Hepa frowned.  “I like white.  I like music.  I do not care for sensible.”

“Then be prepared to die because you’re wearing your goofy stuff one of these days.”

Hepa rolled her eyes and snorted.  “Do you always have to be so dramatic?”

“Shush!!!”

“What?”

“Did you hear that?”

“No.  What?  The owl?  What?” Hepa stumbled and bumped into the solid Betty. “Is it Bitemier?” she whispered fearfully.

“Nah!  I just wanted you to shut up.”

Hepa punched her sister in the arm.  “Jerk!”

“We’re almost there.”

“How do we know where there is?”

Betty lifted Hepa’s arm holding the lantern and shined the light on a surveyors stake with yellow ribbons attached to it.  “It’s right here.  Where they want to erect the tower.”  She lifted the lantern higher and several stakes with reflective tape and ribbons winked in the light around them.  She lowered the light.  “I think we are far enough away from Bitemier’s line of sight from his house that he shouldn’t be able to see us.  That was his point.  Erect the tower on his land where he can’t see it, and it won’t affect his health – but, the tower will be right on the edge of our back yard.  Unless he’s out here wandering around for some godforsaken reason tonight, we should be good to go.  But, to be safe, I’m going to put out the light, Hepa.  There is enough moonlight for me to do what I need.  Fetch me twelve sticks, and then I’ll put out the lantern.  And for pity sake, sit still when you’re done, so you don’t jingle so much!  You ready?”

“Yes.”

Betty found the nearest tree to the central stake and cast a magick circle, intoning the words slowly, feeling the vibration of the woods around her sing in tune with her breathing.  When she was finished, she put her hands on the bark of the tree. She estimated the tree was about twenty years old.  A tulip poplar.  She ran her hands down the bark all the way to the ground, whispering to living wood beneath her hands.  There was just enough light filtering through the trees from the moon that she could see to dig down by the side of the tree with the spade.  Her breathing grew slightly labored.  The sweet, musk aroma of the woods encompassed her senses, and her conscious mind seemed to float away.  The night was uncommonly warm, but she could feel the cold coming – it was mid-November, after all.  The frost would be here soon enough.

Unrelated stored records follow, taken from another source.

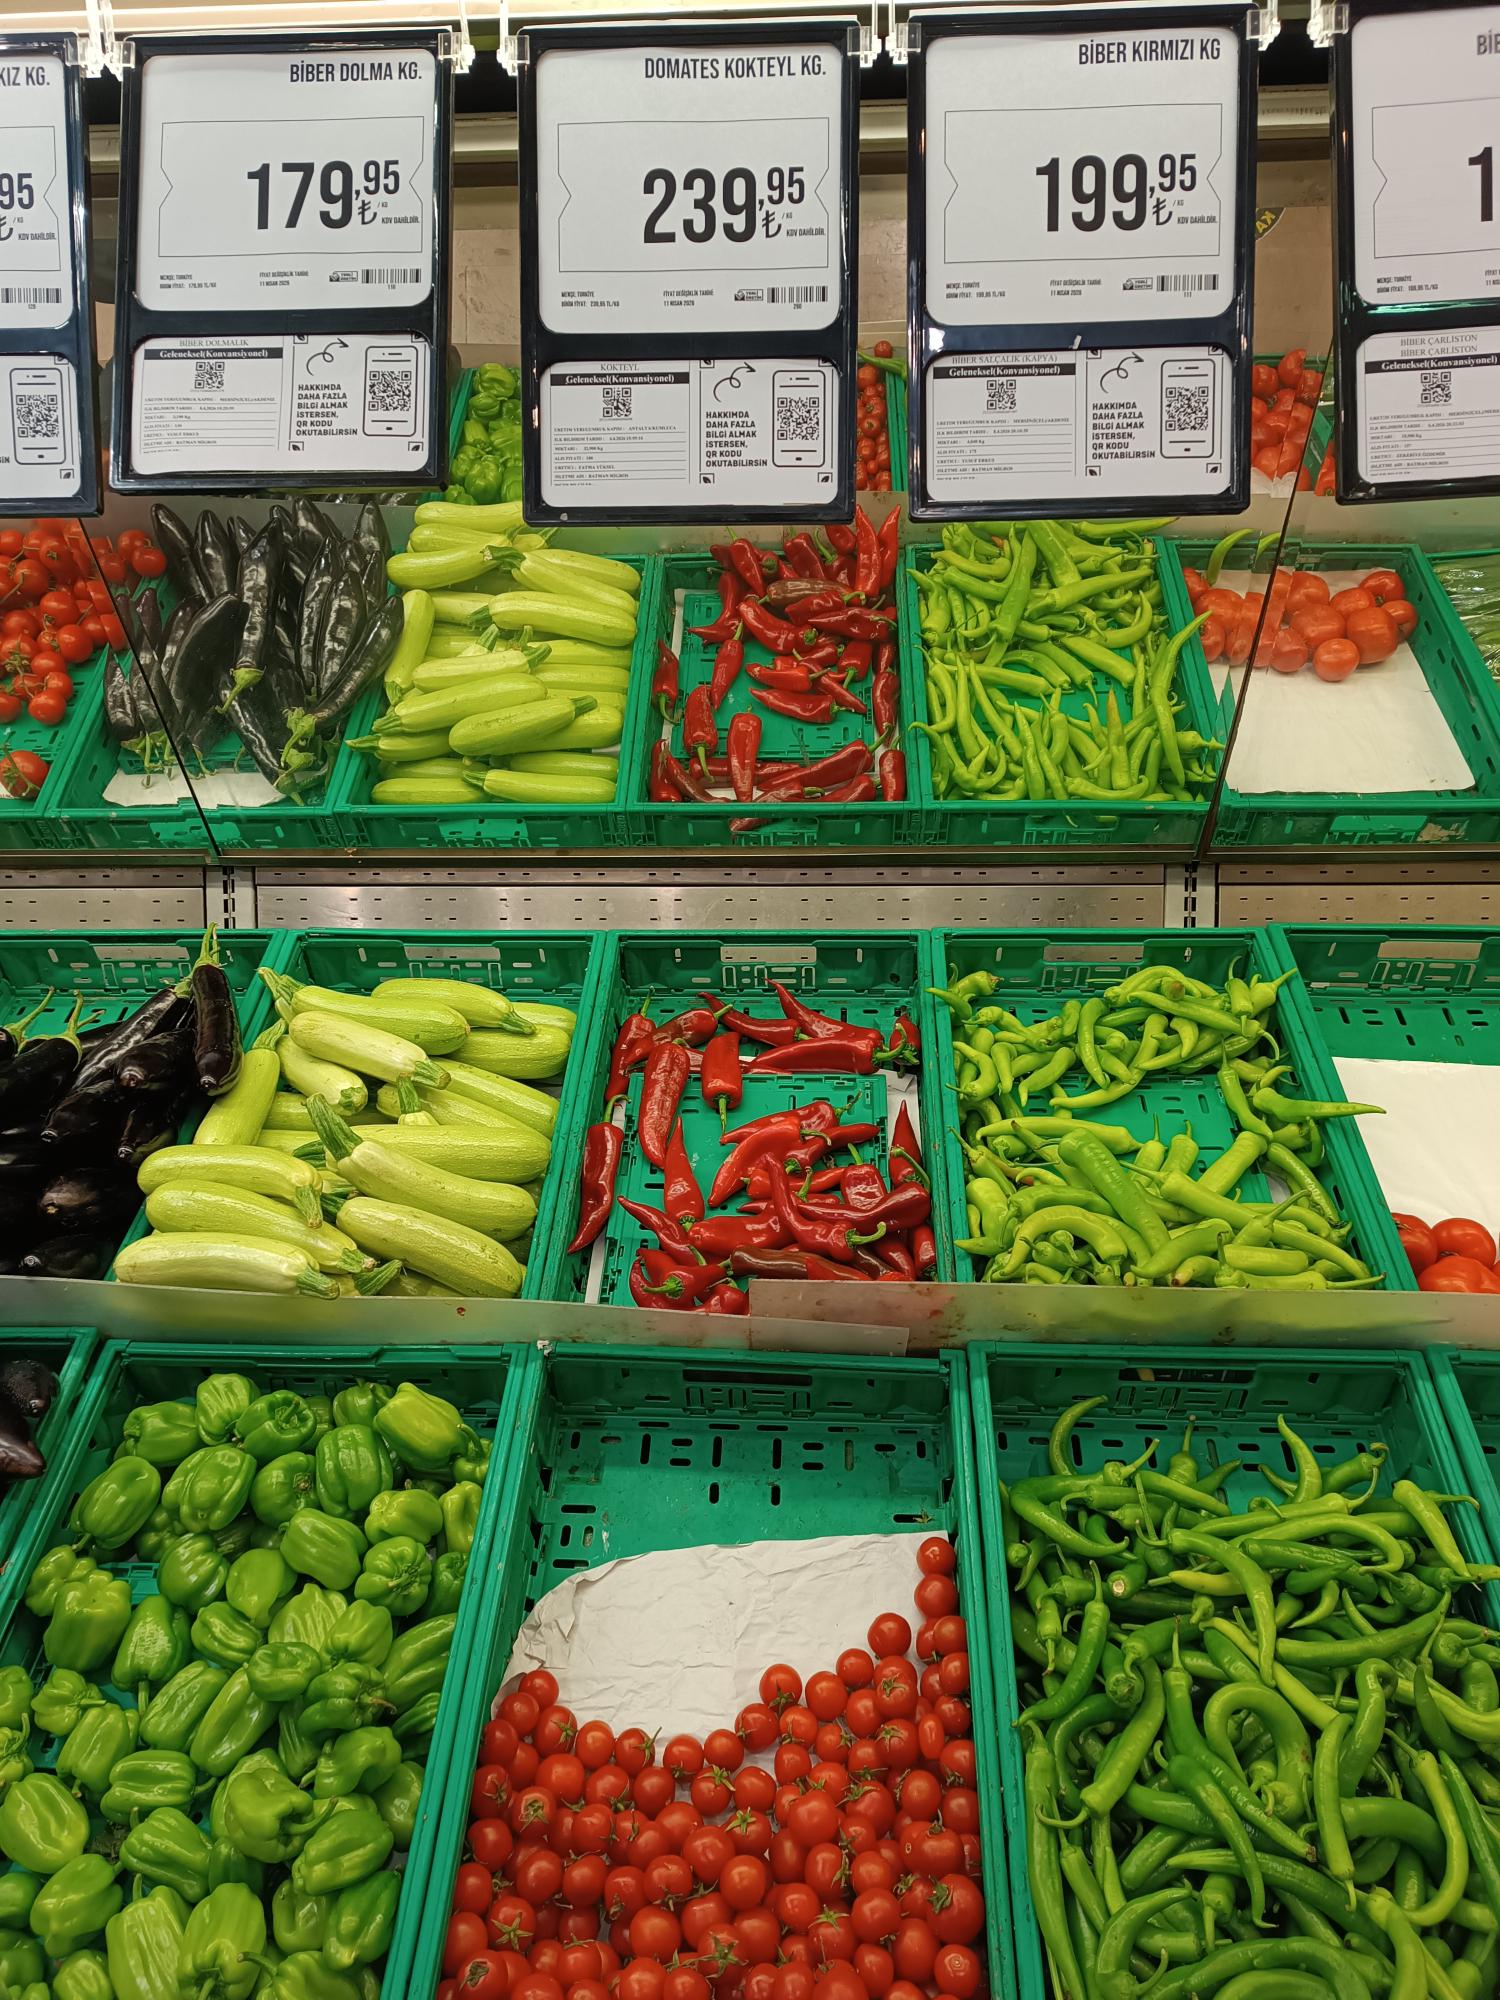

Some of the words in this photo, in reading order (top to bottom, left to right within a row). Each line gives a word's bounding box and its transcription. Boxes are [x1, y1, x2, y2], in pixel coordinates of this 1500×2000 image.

[1078, 39, 1126, 65] BİBER
[1132, 39, 1194, 62] KIRMIZI
[1200, 38, 1220, 60] KG
[290, 60, 334, 82] BİBER
[340, 62, 392, 82] DOLMA
[398, 62, 422, 80] KG.
[644, 57, 720, 79] DOMATES
[724, 56, 796, 78] KOKTEYL
[801, 54, 826, 76] KG.
[26, 66, 50, 86] KG.
[1177, 216, 1189, 225] KDV
[1190, 215, 1218, 224] DAHİLDİR.
[786, 228, 798, 237] KDV
[205, 339, 248, 347] DOLMALIK
[160, 349, 268, 359] Geleneksel(Konvansiyonel)
[979, 355, 1021, 364] SALÇALIK
[1022, 354, 1058, 363] (KAPYA)
[1381, 355, 1498, 370] Geleneksel(Konvansiyonel)
[600, 363, 640, 372] KOKTEYL
[949, 366, 1060, 377] Geleneksel(Konvansiyonel)
[565, 374, 674, 384] Geleneksel(Konvansiyonel)
[322, 392, 347, 400] FAZLA
[320, 401, 348, 409] ALMAK
[1092, 401, 1137, 410] HAKKIMDA
[706, 411, 750, 419] HAKKIMDA
[1092, 412, 1115, 420] DAHA
[1118, 411, 1143, 419] FAZLA
[296, 420, 308, 428] QR
[730, 420, 756, 428] FAZLA
[1092, 422, 1113, 430] BİLGİ
[1115, 421, 1144, 430] ALMAK
[296, 428, 358, 436] OKUTABİLİRSİN
[706, 430, 726, 438] BİLGİ
[729, 430, 757, 438] ALMAK
[1092, 432, 1135, 440] İSTERSEN,
[706, 440, 748, 448] İSTERSEN,
[1092, 442, 1104, 451] QR
[1106, 442, 1129, 450] KODU
[706, 450, 717, 459] QR
[1092, 450, 1155, 460] OKUTABİLİRSİN
[705, 459, 768, 467] OKUTABİLİRSİN

She lost herself in picking through the dry soil and bits of stone at the base of the tree.  She could hear Hepa humming softly, preparing the twelve sticks.  The deeper she dug, it became easier due to the moisture content to remove the earth.  In the end, she began clawing at the dirt with her hands.  Singing.  Rocking back and forth.  Whispering to the woods.  When she reached a good root of the tree, she stopped, pricked her finger with a sharp pin, then tightly wrapped her blood-smeared fingers around the exposed root.  She poured blessed water on the ground to her left – and put her left hand in the puddle.

And she talked.  She breathed with the woods.  Her nostrils distended.  The tingling from her heart, to her hands, to the tree root, and back again.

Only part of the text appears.